Lifestyle factors can be associated with increased gastroesophageal reflux and more complications of GERD. Tobacco smoking, caffeine, alcohol and fatty foods adversely affect GERD. Obesity, sedentary lifestyle and nocturnal gastroesophageal reflux are important mechanisms of GERD that are associated with more severe complications of GERD in men.
Many diseases can be associated with GERD, such as Parkinson’s disease and other neurological diseases, heart disease, lung disease and diabetes. Medications more frequently taken by men for illnesses such as hypertension, heart disease, lung disease and depression also decrease LES pressure and esophageal acid clearance. These include nitrates, calcium channel blockers, benzodiazepines, anticholinergic agents, and antidepressants. Direct esophageal injury can be caused by medicines such as occur nonsteroidal anti-inflammatory drugs (NSAIDs), potassium tablets, iron supplements and biphosphonates A hiatal hernia and the loss of the diaphragmatic “pinch” may impair the function of the LES and the clearance of refluxed acid from the distal esophagus.

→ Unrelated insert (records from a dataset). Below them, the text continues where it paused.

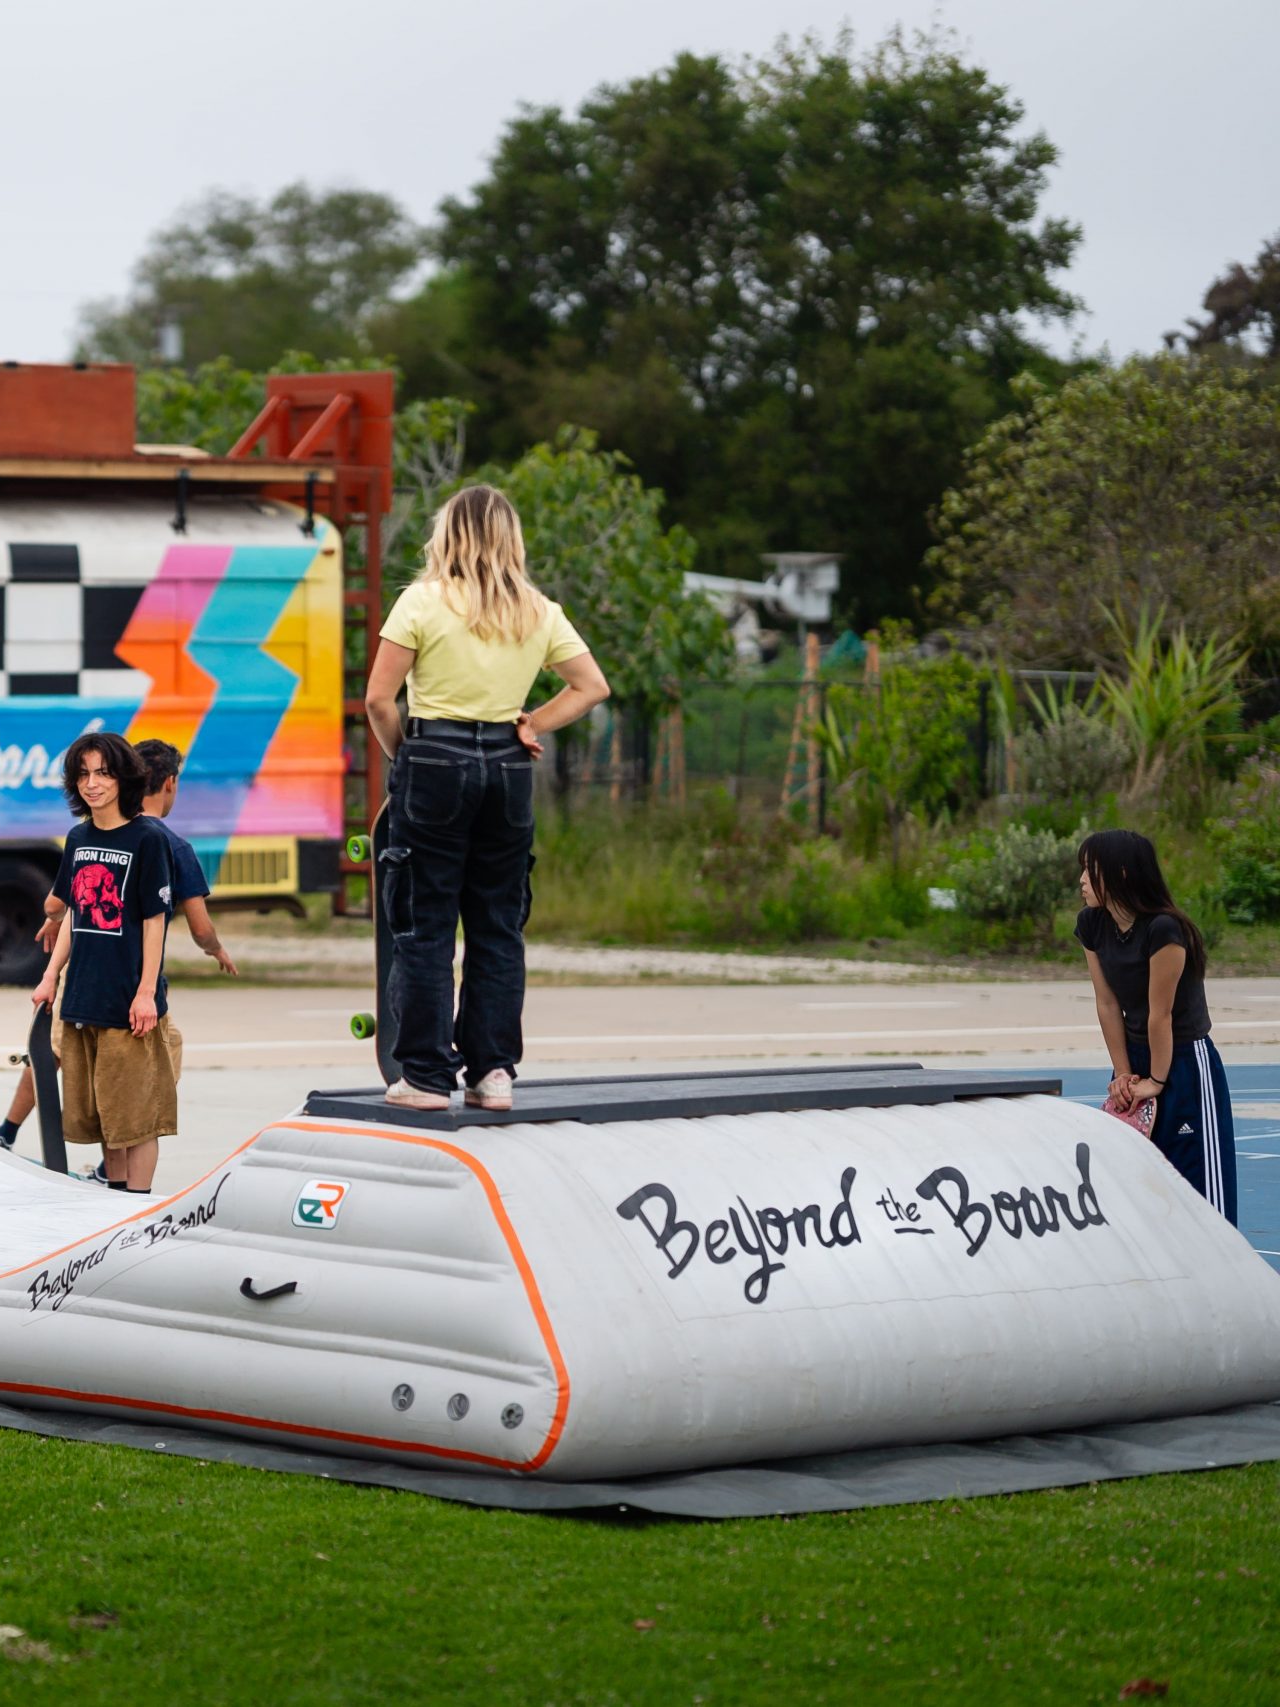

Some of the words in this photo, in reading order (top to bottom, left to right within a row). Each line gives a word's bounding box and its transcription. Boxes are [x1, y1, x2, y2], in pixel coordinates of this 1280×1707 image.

[74, 850, 98, 862] IRON
[99, 852, 128, 866] LUNG
[26, 1228, 126, 1313] Beyond
[143, 1171, 232, 1249] Board
[616, 1166, 862, 1304] Beyond
[876, 1187, 923, 1223] the
[915, 1142, 1110, 1258] Board

The most common symptoms of GERD are heartburn and acid regurgitation. Heartburn is a burning pain in the upper abdomen or chest that may radiate to the neck, throat and back. It often occurs after large meals, exercise or reclining. Other common symptoms include water brash, belching and nausea. Important warning symptoms that herald more severe disease include difficult swallowing, termed dysphagia, painful swallowing, termed odynophagia, anemia, unexplained weight loss and gastrointestinal bleeding. These signal a more severe problem, such as severe esophagitis, esophageal ulcer, esophageal stricture, Barrett’s esophagus and even esophageal cancer.